KKA: Improving Vision Anomaly Detection through Anomaly-related Knowledge from Large Language Models
Dong Chen, Zhengqing Hu, Peiguang Fan, Yueting Zhuang, Yafei Li,, Qidong Liu, Xiaoheng Jiang, Mingliang Xu

TL;DR
This paper introduces KKA, a novel method that leverages large language models to generate meaningful anomalies for improving vision anomaly detection, resulting in better boundary learning and enhanced detection performance.
Contribution
KKA is the first approach to extract anomaly-related knowledge from LLMs to generate realistic anomalies, improving boundary learning in vision anomaly detection.
Findings
Significant performance improvements across various detectors.

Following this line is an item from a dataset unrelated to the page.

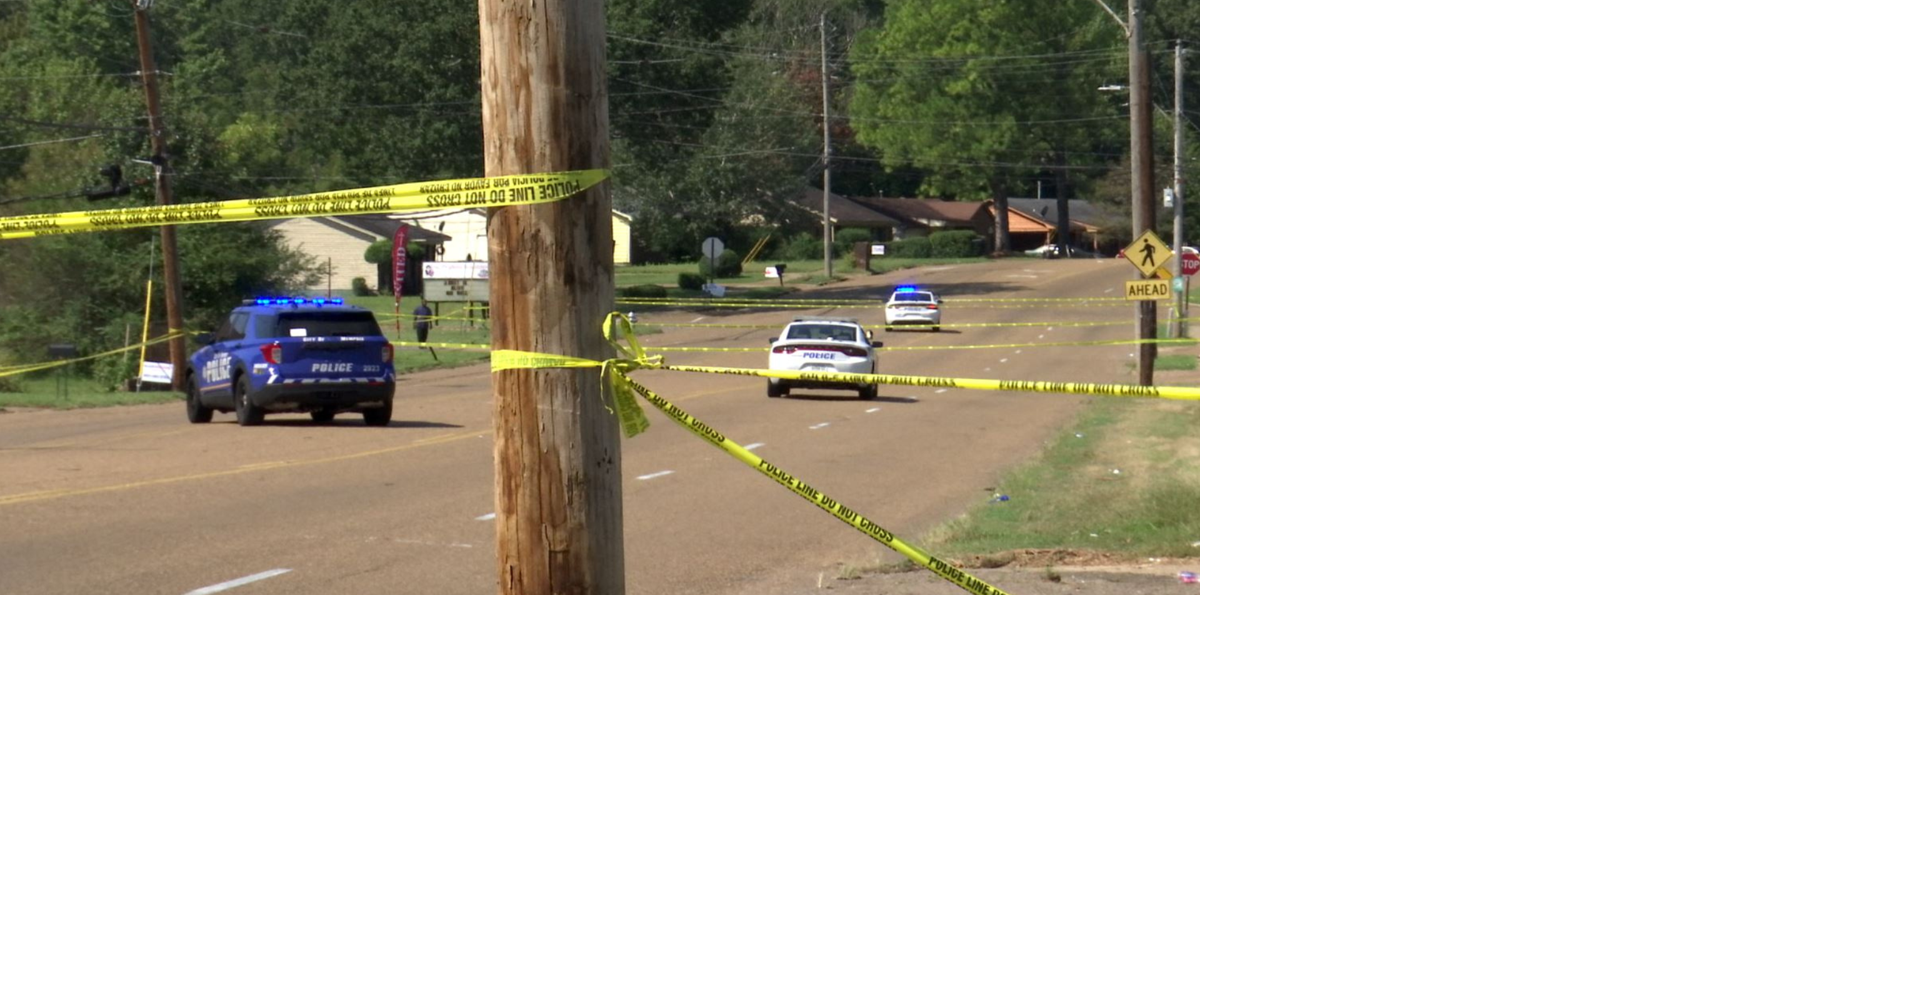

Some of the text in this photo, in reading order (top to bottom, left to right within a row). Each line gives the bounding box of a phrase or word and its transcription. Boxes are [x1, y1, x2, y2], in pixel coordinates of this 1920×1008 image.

Effective generation of both easy and hard anomalies.
Low cost of anomaly generation.
Abstract
Vision anomaly detection, particularly in unsupervised settings, often struggles to distinguish between normal samples and anomalies due to the wide variability in anomalies. Recently, an increasing number of studies have focused on generating anomalies to help detectors learn more effective boundaries between normal samples and anomalies. However, as the generated anomalies are often derived from random factors, they frequently lack realism. Additionally, randomly generated anomalies typically offer limited support in constructing effective boundaries, as most differ substantially from normal samples and lie far from the boundary. To address these challenges, we propose Key Knowledge Augmentation (KKA), a method that extracts anomaly-related knowledge from large language models (LLMs). More specifically, KKA leverages the extensive prior knowledge of LLMs to generate meaningful…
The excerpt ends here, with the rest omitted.